NEW YORK (The Deal) -- After a merger deal between Home Loan Servicing Solutions (HLSS) and New Residential Investment (NRZ) drew criticism from some shareholders, the companies re-engineered the deal as an asset sale and have completed it without any need for shareholder approval.
HLSS, which acquires mortgage-servicing rights, and New Residential, a real estate investment trust that is managed by Fortress Investment Group (FIG), announced late Monday that the two companies had scrapped a Feb. 22 merger that would have given HLSS equity holders $18.25 per share, or about $1.3 billion. Instead, New Residential paid $17.08 per share for HLSS's assets and agreed to assume debt that will bring the deal value up to $1.4 billion.
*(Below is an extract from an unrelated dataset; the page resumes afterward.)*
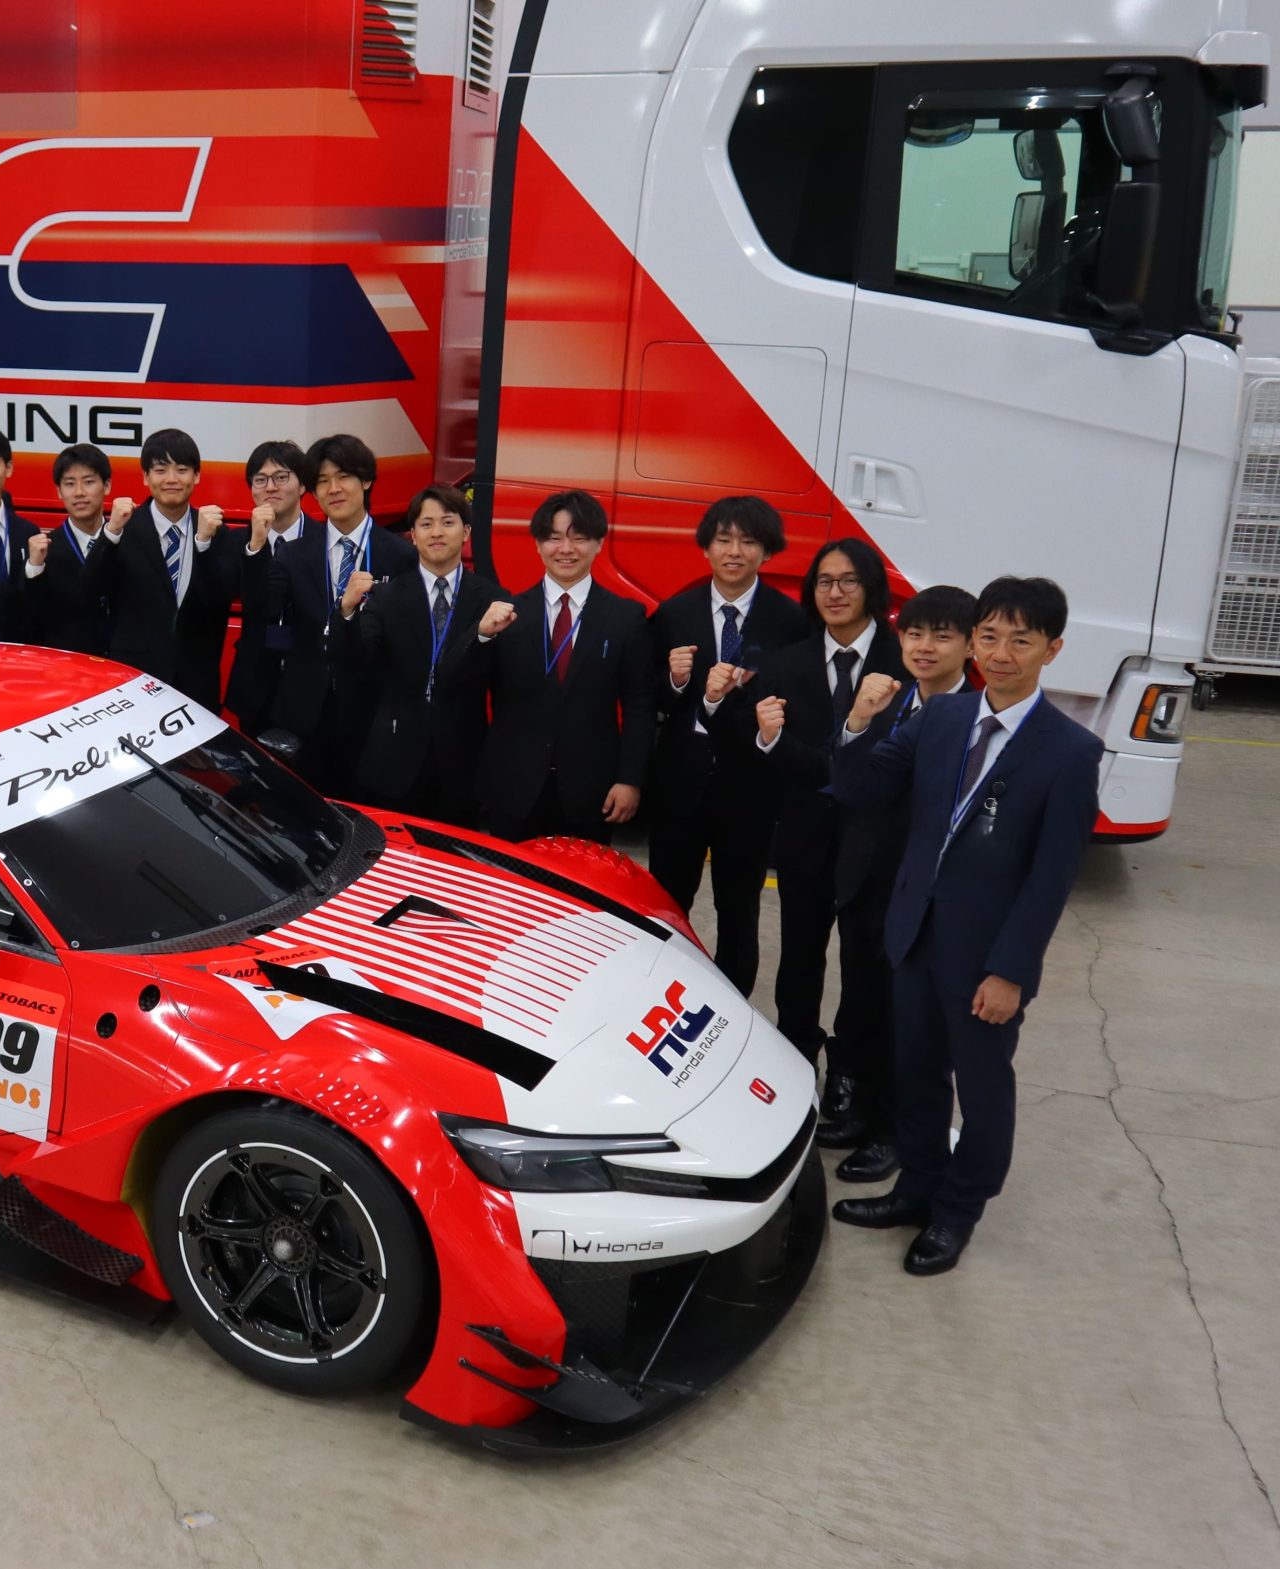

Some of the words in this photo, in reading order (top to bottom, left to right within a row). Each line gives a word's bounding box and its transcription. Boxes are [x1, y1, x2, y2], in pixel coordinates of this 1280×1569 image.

Of that $1.4 billion, $1.2 billion was used to pay for HLSS assets, through $1 billion in cash and 28.2 million newly issued shares of New Residential. Then there's an additional $200 million in adjustments for cash and repayment of HLSS debt.
HLSS' Nasdaq-listed shares fell 1.9% to finish at $17.03 on Tuesday, with a $1.24 billion market cap.
Analysts had worried that the merger might fail because hedge funds have been taking positions in HLSS's stock based on divergent opinions about the company and its two affiliates -- Ocwen Financial (OCN), which services and originates mortgage loans, and Altisource Portfolio Solutions (ASPS).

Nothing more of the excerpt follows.